Historically the problem has been that periodic Full Garbage Collection (GC) in Java is "stop the world", meaning all processing in the JVM stops completely whilst the Full GC is underway. This can take a relatively long time even for small Heap sizes, having a significant impact on user performance. This issue is being overcome with the latest versions of Java through the use of Parallel and incremental GC, but having one JVM with a very large Heap size could possibly re-introduce this as an issue.

Operating system or physical hardware limitations can also come into play. There is a finite amount of resources available per process, so for high volume sites you may not be able to configure enough heap size, TCP sockets or number of threads per process for example. Java also does a lot of work, with background monitoring, creating and managing the huge number of internal objects, as well as the work the users are asking it to do, so believe CPU will eventually become the bottleneck in this scenario

Resiliance and high availability. Why do you have multiple physical Web Servers, RAC nodes (or whatever) rather than 1 big one ? If you have one JVM and it goes down then all users are immediately effected. If you have two JVMs then only half your users are effected if one goes down, these users can immediately reconnect and any new connections will be uneffected as they are routed to the running JVM.

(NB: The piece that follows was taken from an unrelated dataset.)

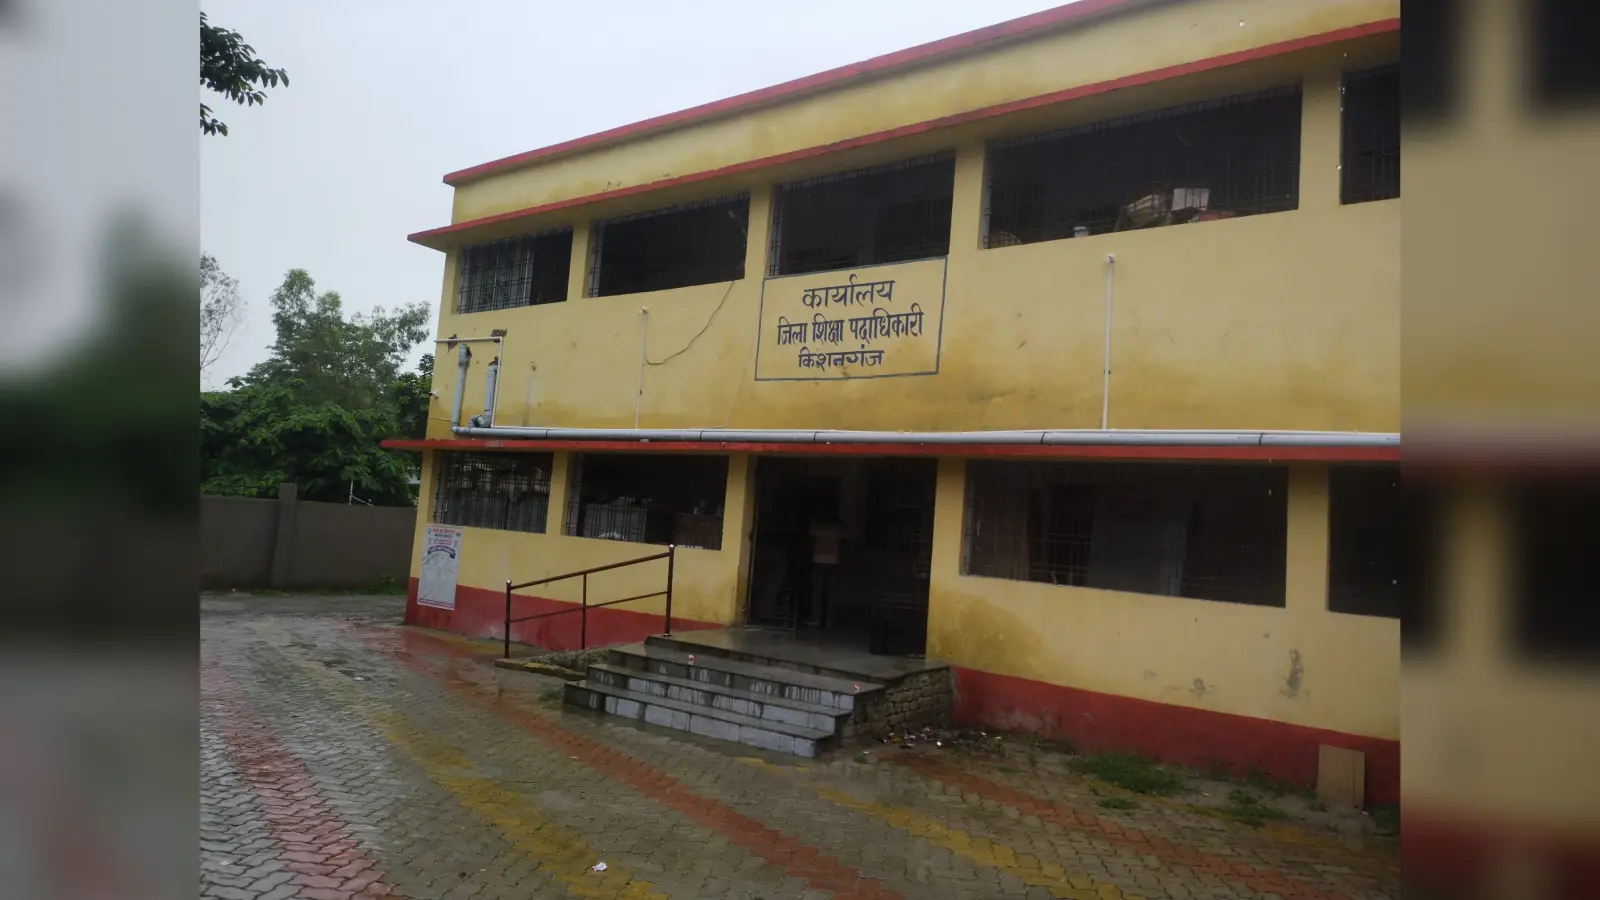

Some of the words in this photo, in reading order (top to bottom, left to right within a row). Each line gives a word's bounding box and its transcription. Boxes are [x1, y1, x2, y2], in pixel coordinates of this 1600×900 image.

As operating systems, Java itself and Applications code improves, this will eventually negate the arguments against having only one JVM per server but for the moment do not believe we have reached this ideal

Posted by Mike Shaw on August 02, 2006 at 07:46 PM PDT #

thank you mike for taking time to reply to our qustion and to contribute to this great site

Posted by Fadi Hasweh on August 02, 2006 at 09:02 PM PDT #

good and valid info.
With Muliple Users Logged in to Apps , How does app use multiple jvm. what parameters are used to distribute the load.

Thanks

Raghu

Posted by Rajagopalan Raghuraman on August 10, 2006 at 04:54 AM PDT #

Hi Raghu, thanks for your comments

mod_Oprocmgr maintains an internal table of the JVM Groups and the PIDs of the processes started. When a new client request comes in to Apache for a Jserv request, it will be routed to one of the JVM processes in the appropriate group. A session cookie named "JServSessionId&lt;Group>&lt;hostname>" is returned in the response to the browser, which contains a session id. Subsiquent requests from the same browser session will pass back this cookie to Apache, which uses it to route requests through to the same JVM (where session state is maintained for that client)

Unfortunately I don't know the exact algorithm used to choose the JVM in the initial request but presume it is using a simple round robin mechanism. You can see this selection process in action in the mod_jserv.log file which logs messages like :-
balance: new session:
balance: continuing session to host.domain Port

Posted by Mike Shaw on August 10, 2006 at 07:18 PM PDT #

Did Applications Technology Group came with any JVM Sizing whitepaper?

Posted by vijay on February 16, 2007 at 08:36 AM PST #

Vijay,You might wish to check out this recent article:Tuning JVMs for Release 11iRegards,Steven&nbsp;

Posted by Steven Chan on February 19, 2007 at 01:06 AM PST #

Hi Steven
i want add one mor jvm to our middle tier .we have out of memory problem .so we are planning to add one more jvm can you please give what should be consider to add additional JVM

Thanks
Kumar

Posted by kumar on March 20, 2009 at 12:24 AM PDT #

Hello Kumar,

It is not always a simple answer to your question. If you have enough free CPU and RAM capacity then it should be harmless to add another JVM and could be of some benefit. Whether this solves an OOM error is another matter, as if there is a memory leak (rather than a capacity issue) then you will still run out of memory eventually

I would therefore recomend raising a SR with Oracle Support, so we can review your specific configuration and symptoms and make an informed judgement as to what the best plan will be for your specific circumstances

regards

Mike Shaw

Posted by Mike Shaw on March 23, 2009 at 05:21 PM PDT #

Hi!
There is a character “m” missing from command

f60webx = f60webmx

“ps -ef | grep f60webmx | wc -l “

Posted by Gabriel Costache on December 09, 2009 at 06:09 PM PST #

Thanks Gabriel, have modified the command now.